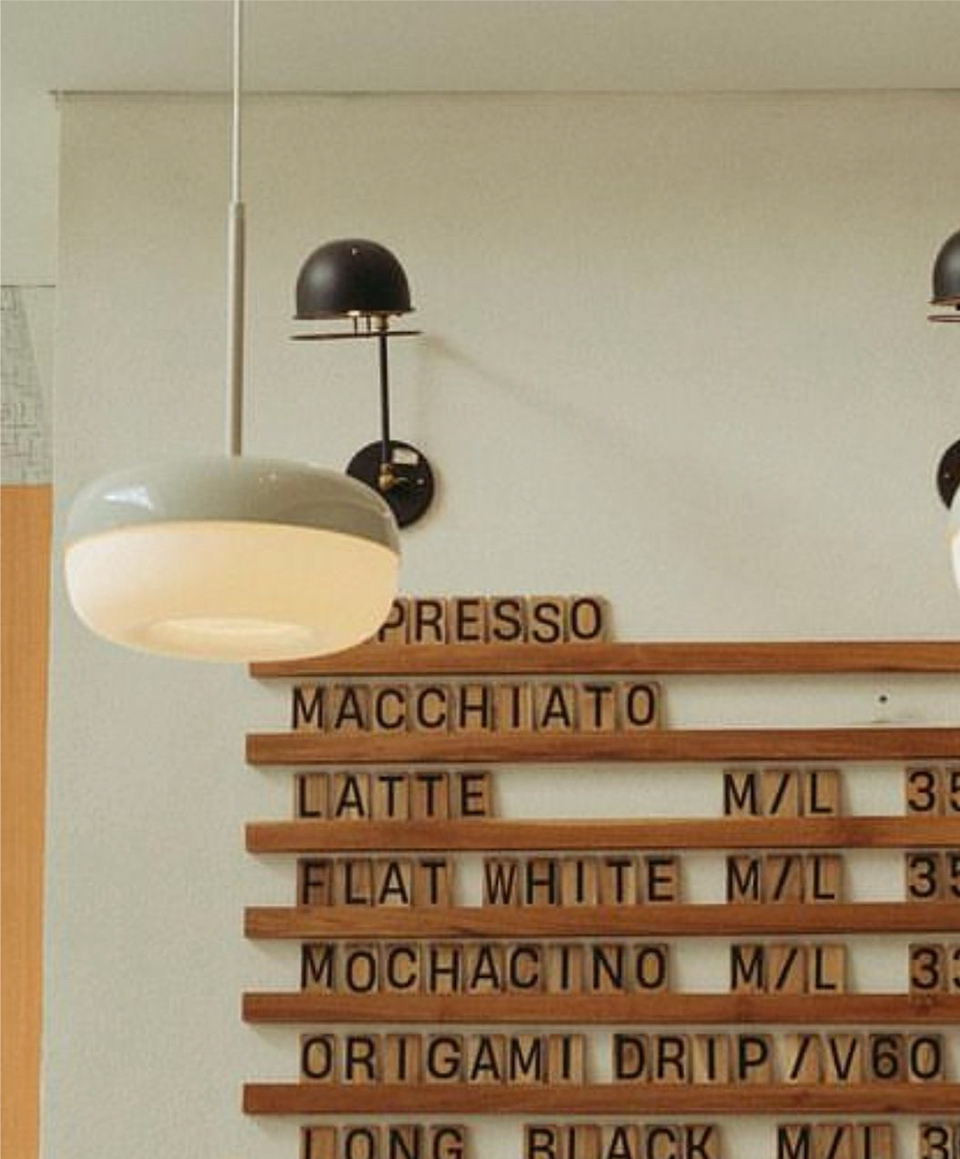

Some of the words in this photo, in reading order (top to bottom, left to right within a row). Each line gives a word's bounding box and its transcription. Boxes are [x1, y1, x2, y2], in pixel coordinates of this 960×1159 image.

[378, 598, 602, 643] PRESSO
[292, 686, 657, 730] MACCHIATO
[298, 774, 486, 818] LATTE
[724, 772, 832, 815] M/L
[301, 861, 447, 905] FLAT
[484, 859, 675, 905] WHITE
[727, 855, 835, 901] M/L
[301, 945, 668, 992] MOCHACINO
[730, 945, 838, 991] M/L
[301, 1037, 573, 1080] ORIGAMI
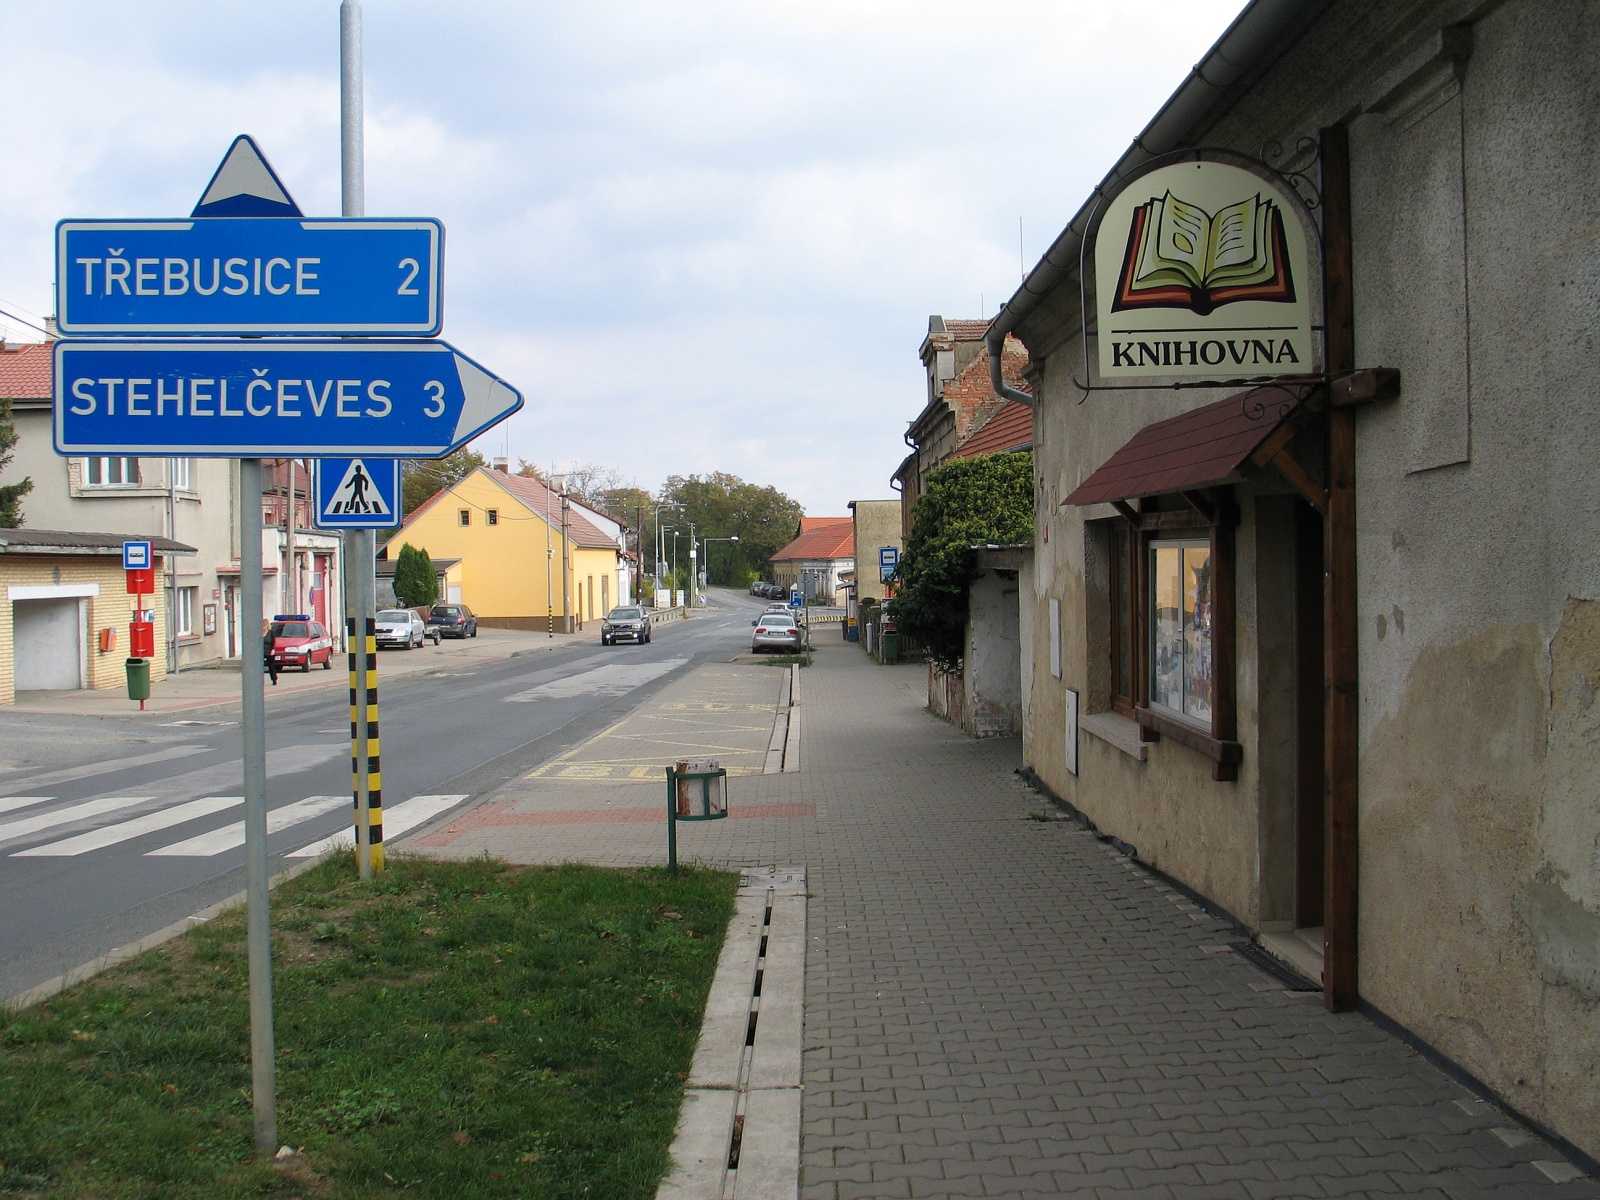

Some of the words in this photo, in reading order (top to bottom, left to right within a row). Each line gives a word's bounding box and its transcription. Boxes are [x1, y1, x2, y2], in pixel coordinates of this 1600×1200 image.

• _EXERCISE OBJECTIVE_
Whatever the records hold apart from pictures should be repeated exactly.

• _TASK SOLUTION_
Some of the words in this photo, in reading order (top to bottom, left to right within a row). Each line gives a word's bounding box and its transcription. Boxes are [x1, y1, x2, y2], in pixel coordinates of this 960×1159 image.

[378, 598, 602, 643] PRESSO
[292, 686, 657, 730] MACCHIATO
[298, 774, 486, 818] LATTE
[724, 772, 832, 815] M/L
[301, 861, 447, 905] FLAT
[484, 859, 675, 905] WHITE
[727, 855, 835, 901] M/L
[301, 945, 668, 992] MOCHACINO
[730, 945, 838, 991] M/L
[301, 1037, 573, 1080] ORIGAMI

Some of the words in this photo, in reading order (top to bottom, left to right within a row). Each line gives a word's bounding box and its transcription. Boxes are [x1, y1, x2, y2], in pixel coordinates of this 1600×1200 image.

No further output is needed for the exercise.